Jul 13, 2017

Exclusive Song Premiere: Johnny Dango "Western Front (War Hymn #2)"

Today, we've got a new song from Johnny Dango called "Western Front (War Hymn #2). It's a fun, psychedelic, honky-tonk tune with sing-along vocals and almost ragtime instrumentation contrasting the serious lyrics about wartime. Really unique and memorable stuff. RIYL: Kris Kristofferson, King Oliver, Flying Burrito Brothers, Commander Cody, Phosphorescent, Sgt. Pepper's Lonely Hearts Club Band

Dango has worked alongside Stoney Larue and Will & Lily Courtney (Brothers and Sisters), and has shared bills with Billy Joe Shaver, Jerry Jeff Walker, Alejandro Escovedo & more. His upcoming record Recluse in Plain Sight was recorded by Steven Collins (Doug Burr, Deadman) at The Troubadour Studio in Austin, and comes out September 1. Dango has recently premiered tracks at PopMatters & No Depression, and was featured in the Americana Music Association's most recent newsletter...

Recluse in Plain Sight contradicts the standard, formulaic approach to Americana, toggling between timeless California Country string-infused ballads, psychedelic honky-tonk tunes, and last-call alt-country singalongs. The new LP effortlessly chronicles an arsenal of movements in the Country music genre while simultaneously channeling '60s Stones and Beatles psych grandeur. 

You can pre-order Recluse in Plain Sight at his Bandcamp page.

More information about Johnny after the song player...

Johnny Dango - Recluse in Plain Sight (out September 1)

From the hushed fields of Stillwater, Okla., to the raucous barrooms of Austin, Texas, the hard work and bloody fingers of singer/songwriter Johnny Dango have given rise to a cosmic honky-tonk thunder, a deliciously irreverent mix of downhome Americana and heady classic rock. Dango has paid his dues in bands such as Brothers & Sisters and The Memphis Strange, and as a sideman for country-rocker Stoney LaRue. And he’s shared bills with legends such as Billy Joe Shaver, Jerry Jeff Walker and Alejandro Escovedo, over the years developing a unique and gorgeously tumbledown aesthetic that is potently concentrated in the neon avenues and creaking front porches of his debut solo album, Recluse in Plain Sight.

“I’m not into paint-by-numbers,” Dango says. “I have no interest in making another generic Americana record. There are already plenty of ‘em out there.”

As the varied tracks on this album unfurl, tackling themes of transience and displacement, Dango slowly reveals the inner mechanics of his influences. From the George Harrison-meets-Mott the Hoople guitar lines of “Hole in My Heart” to the psychedelic ragtime theatrics of “Western Front (War Hymn #2),” he continually smashes rules and upends expectations. While drunken rocker “Barfly” lives in the Stones’ world, sleepy piano ballad “Someday Soon”—written in a traffic jam on the way to a gig—tips its worn pork-pie hat to Tom Waits, Randy Newman, and Father John Misty. Traditional rural sentiments and Southern rhythms get twisted up on “I Was Wrong,” Dango’s “failed attempt at a bad country song,” during which he reorients well-worn sounds into potent ruminations that exhale ache. The off-center melodicism of his vocals deftly mirrors Recluse in Plain Sight’s stylistic realignments, an affecting rumble and shiver slithering through each bucolic chorus. And if a song happens to call for some dramatic Jeff Lynne-style synths, then so be it.

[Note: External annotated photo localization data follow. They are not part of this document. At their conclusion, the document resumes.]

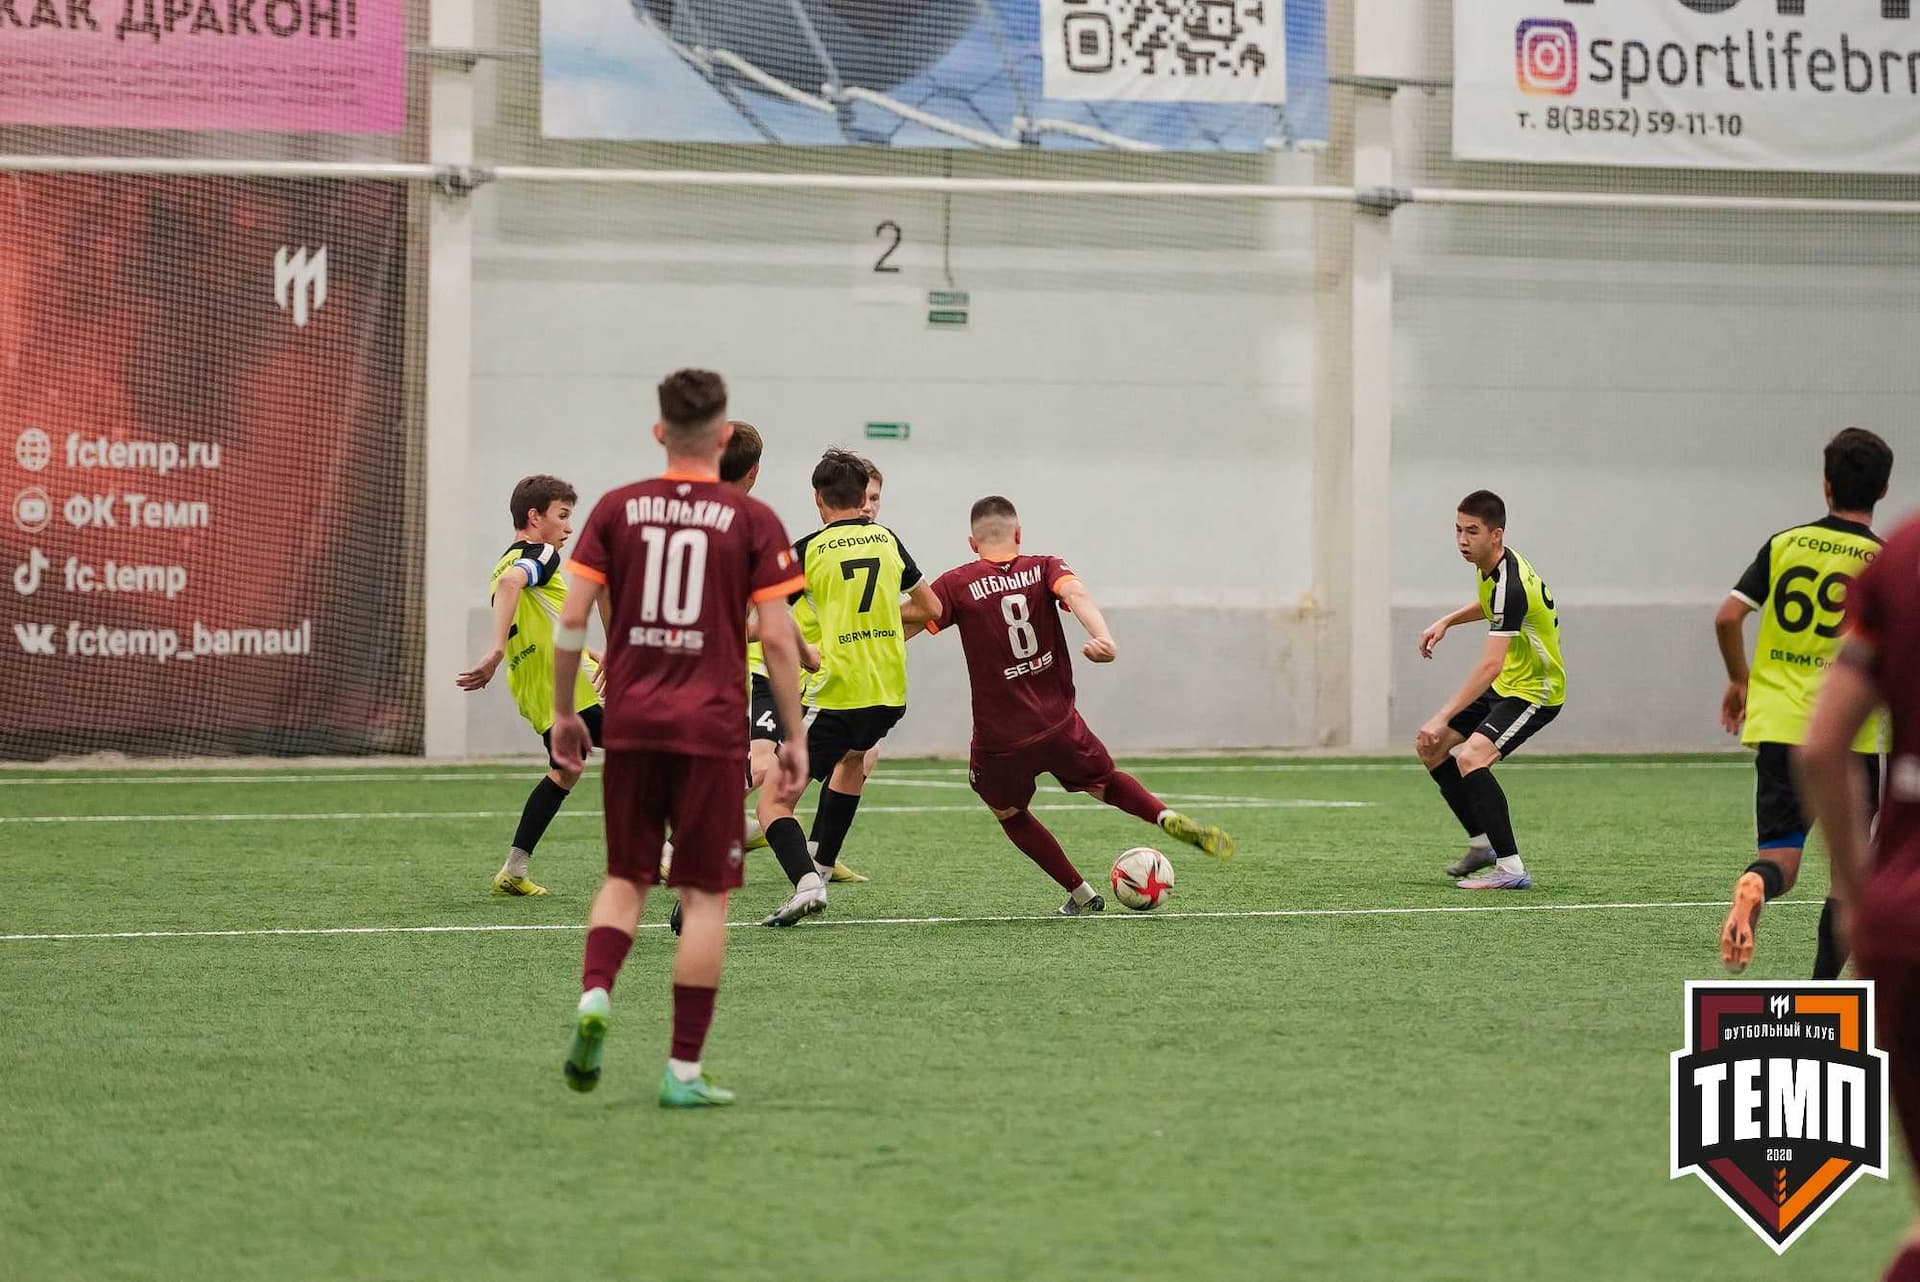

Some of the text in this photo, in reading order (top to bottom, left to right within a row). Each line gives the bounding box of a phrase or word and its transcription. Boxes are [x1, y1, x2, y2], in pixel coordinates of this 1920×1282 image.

[115, 0, 357, 42] ДРАКОН!
[1546, 106, 1639, 136] 8(3852)
[1647, 110, 1742, 137] 59-11-10
[873, 219, 902, 273] 2
[65, 432, 221, 476] fctemp.ru
[64, 493, 209, 529] ФК Темп
[64, 556, 187, 600] fc.temp
[641, 526, 708, 626] 10
[840, 557, 881, 614] 7
[1774, 565, 1854, 639] 69
[65, 618, 311, 664] fctemp_barnaul
[1001, 593, 1039, 660] 8
[1003, 650, 1054, 680] SEUS
[756, 710, 777, 732] 4

Recluse in Plain Sight—co-produced with Steve Collins—is Dango's resolute answer to the recent homogenization of the Americana landscape. This record isn’t stuck in a cycle of self-glorification, nor is it primed to pander to any awards ceremonies—it’s the result of a heart ready for examination and revelation. Driven by a need to stretch the comforts of his own influences, he positions these songs as rustic therapy and as a necessary escape from what has become a commodified musical perspective.

“It’s so weird how Americana spun off from country into its own thing, like, ‘We reject mainstream country music,’” Dango ruminates. “But then to go and behave the exact same way? I mean, they made up a whole new category, just so they could put on an awards shows and give themselves a trophy. It’s such a bunch of self-congratulatory bullshit.”

Instead of positioning himself as some sort of quasi-country savior, Dango takes solace in the creative freedom of his work, which reflects in equal measure the bold, psychoactive experimentation of the late ‘60s and early ‘70s and the lost years when nascent country music was guided by torn hearts and the need to pass stories from one generation to the next. With the touring that will encircle the release of his upcoming record, Dango will be burning up the highways in search of like-minded souls for whom these authentic sounds represent more than just a passing interest. With Recluse in Plain Sight, he wants you to hear the past and future collide.